On 26 September 1873 at half past noon Prins Hendrik passed Daedalus Reef at about 7.5 km distance to the W.S.W. On the 27th the crew thought to have passed the El Ikhwa Islands (a.k.a. Brothers Islands) on a course 6–7 miles E.N.E. of them. Suddenly, at quarter past one in the morning, the first and fourth officer, who were on guard, then suddenly reported these islands in front. Immediately the rudder was turned to port, and the engines were ordered to be reversed. Nevertheless, the port-side of the ship scratched the islands. The engines were then put forward again, and the valves between the bulkheads were opened so all pumps could be used to pump out water.

Some minutes later the carpenter and fourth officer reported a meter of water in the hold near the bow. The valves between the bulkheads were now closed, and attempt were made to stop the leak. Meanwhile, course was set W.S.W. for the Egyptian coast. Immediately the boats were readied and provisioned. When the water in the ship continued to rise, a council was held. At ten o'clock six boats were lowered with passengers and crew, and ordered to make for El Qoseir (Kosseir). The passengers were 18 adults and 6 children, as well as 74 returning soldiers.

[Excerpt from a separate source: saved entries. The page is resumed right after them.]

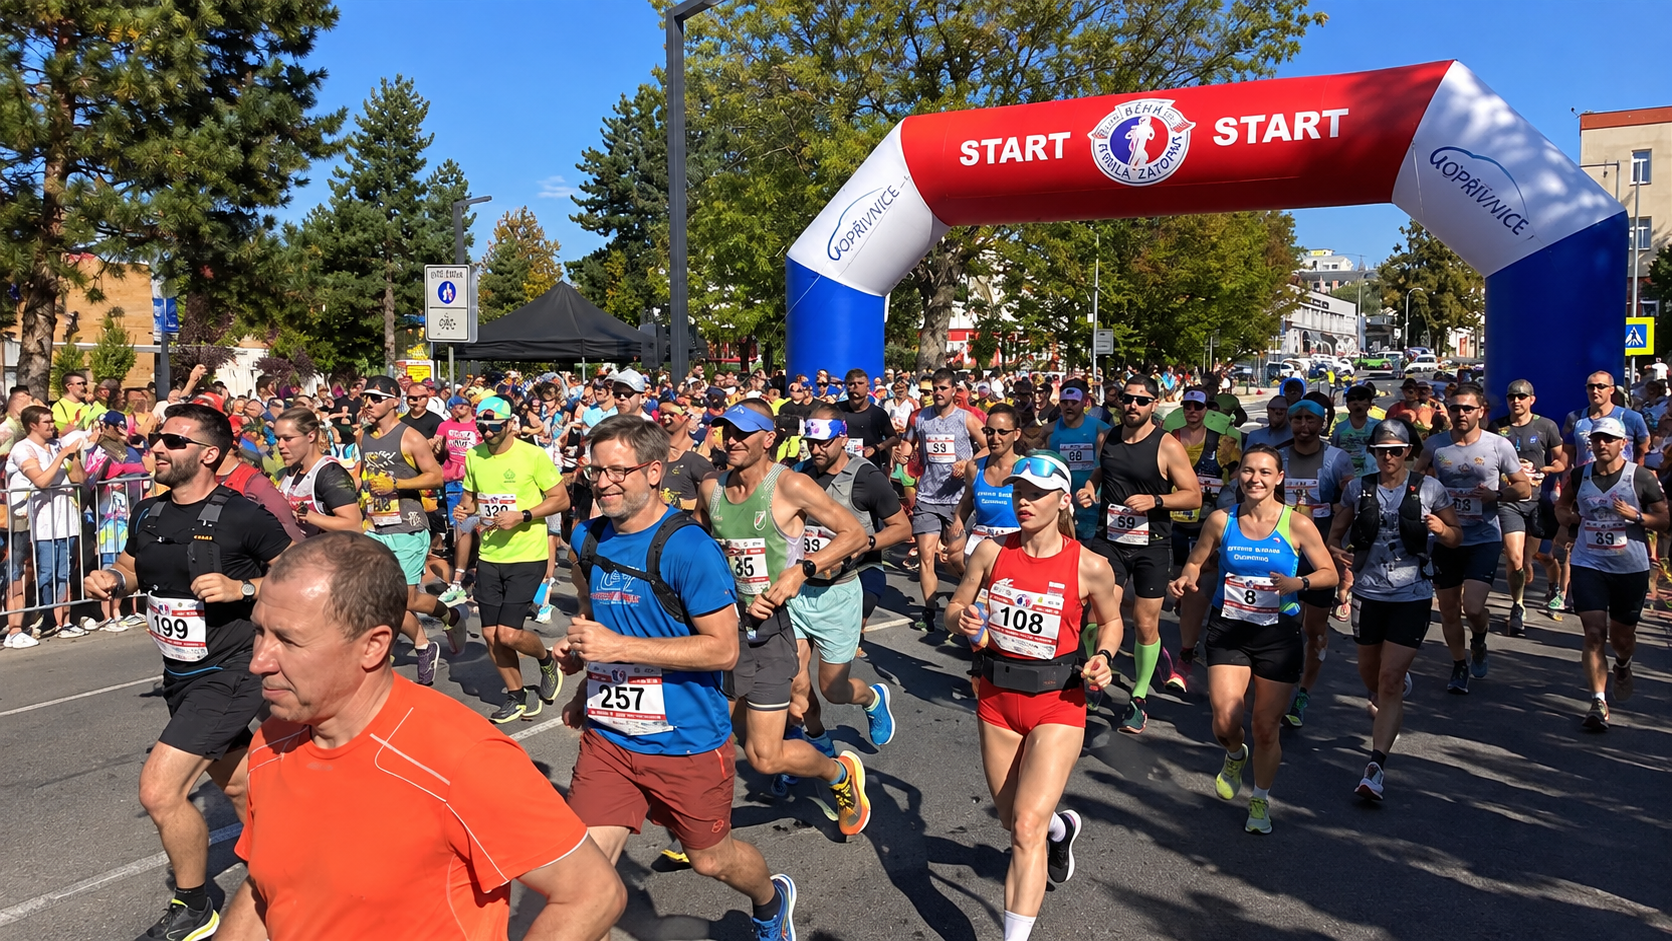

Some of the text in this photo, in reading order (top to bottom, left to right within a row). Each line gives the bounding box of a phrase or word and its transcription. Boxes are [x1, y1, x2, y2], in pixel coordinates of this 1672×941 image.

[1212, 108, 1349, 146] START
[959, 131, 1071, 166] START
[1244, 590, 1256, 605] 8
[154, 614, 189, 640] 199
[1000, 606, 1044, 635] 108
[599, 684, 645, 711] 257
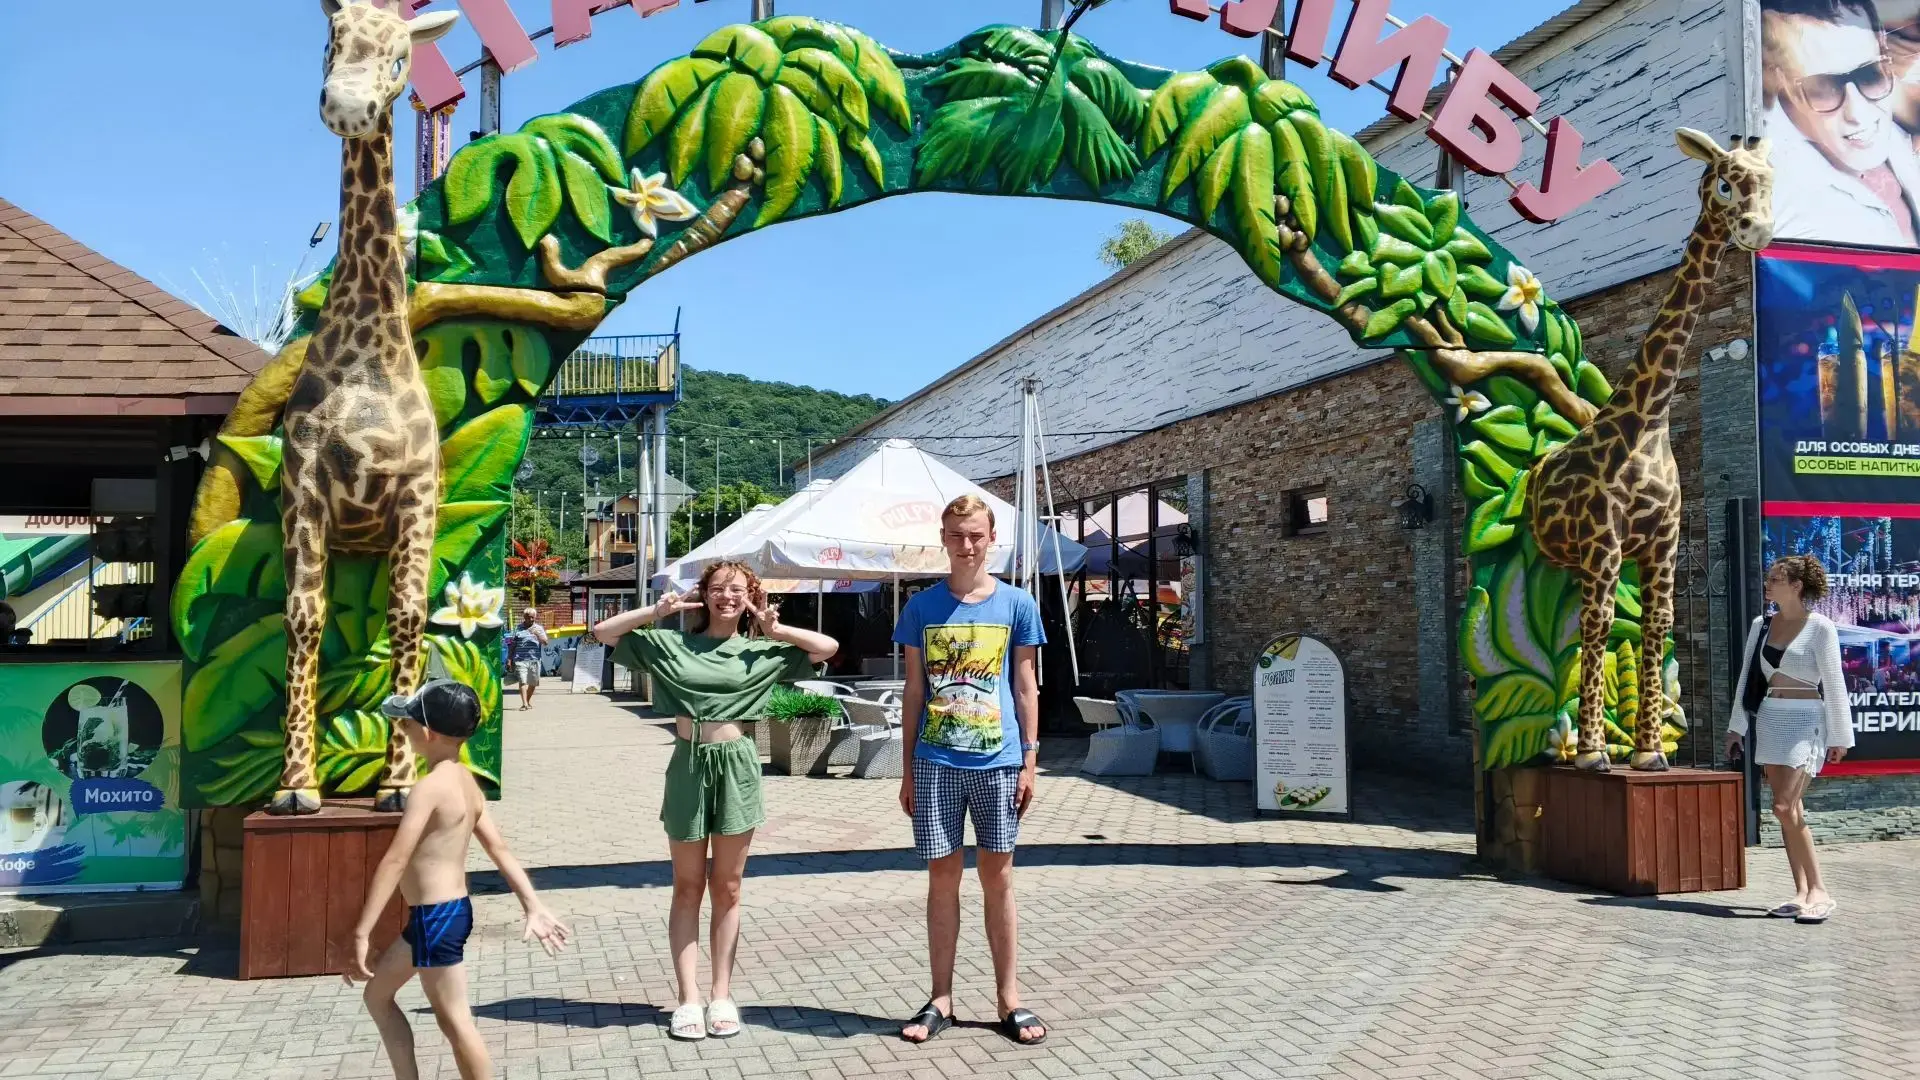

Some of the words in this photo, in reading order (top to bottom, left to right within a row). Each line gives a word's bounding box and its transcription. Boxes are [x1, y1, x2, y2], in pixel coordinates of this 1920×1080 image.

[1796, 440, 1827, 453] ДЛЯ
[1830, 442, 1889, 454] ОСОБЫХ
[1797, 459, 1857, 471] ОСОБЫЕ
[1825, 573, 1883, 588] ЕТНЯЯ
[1887, 573, 1920, 588] ТЕР
[1852, 711, 1920, 733] ЧЕРИ
[84, 788, 153, 804] Мохито

A skeleton crew was left on board to try and save the ship. The ship sunk ever further by the bow, and soon became unmanageable. At three o'clock in the afternoon there was 12 feet of water in the hull and the fires were extinguished. At half past three the machines stopped, and the 14 crew that were left abandoned ship. Prins Hendrik then sunk at about nine o'clock in the evening on in 1,800 feet of water. The rest of the crew then went in search of the other boats. The people on these had bivouacked, and were found near Gouay on the 28th at one in the afternoon. In the afternoon the whole party then continued to Kosseir, part on land, part in the boats, where they arrived in the afternoon. Here they were housed by the governor and population till the Egyptian steam vessel Hedjaz brought them to Suez, where they arrived on 9 October. All that was saved from Prins Hendrik was: Seven boats, 12 rifles, a sextant, a chronometer, a silver watch, binoculars, the Certificate of registry, the log, and the muster roles.

=== Aftermath ===
Prins Hendrik seems to have been fully insured, so the direct financial loss for the SMN was limited. The lost cargo was a serious affair for the Dutch government, which lost about 500,000 guilders in profit, which was sourly needed for the Aceh War.

After the passengers and crew had returned to the Netherlands, an investigation of the disaster was started by prosecutor Mr. S.J. Hingst. A preliminary investigation of the witness did not put the slightest blame on Captain E. Oort, neither for fault nor for negligence. The captain nevertheless asked for his dismissal. He understood that a captain who had been so unlucky in such a short time-frame (losing two capital ships in two years), would not be favorite for passengers.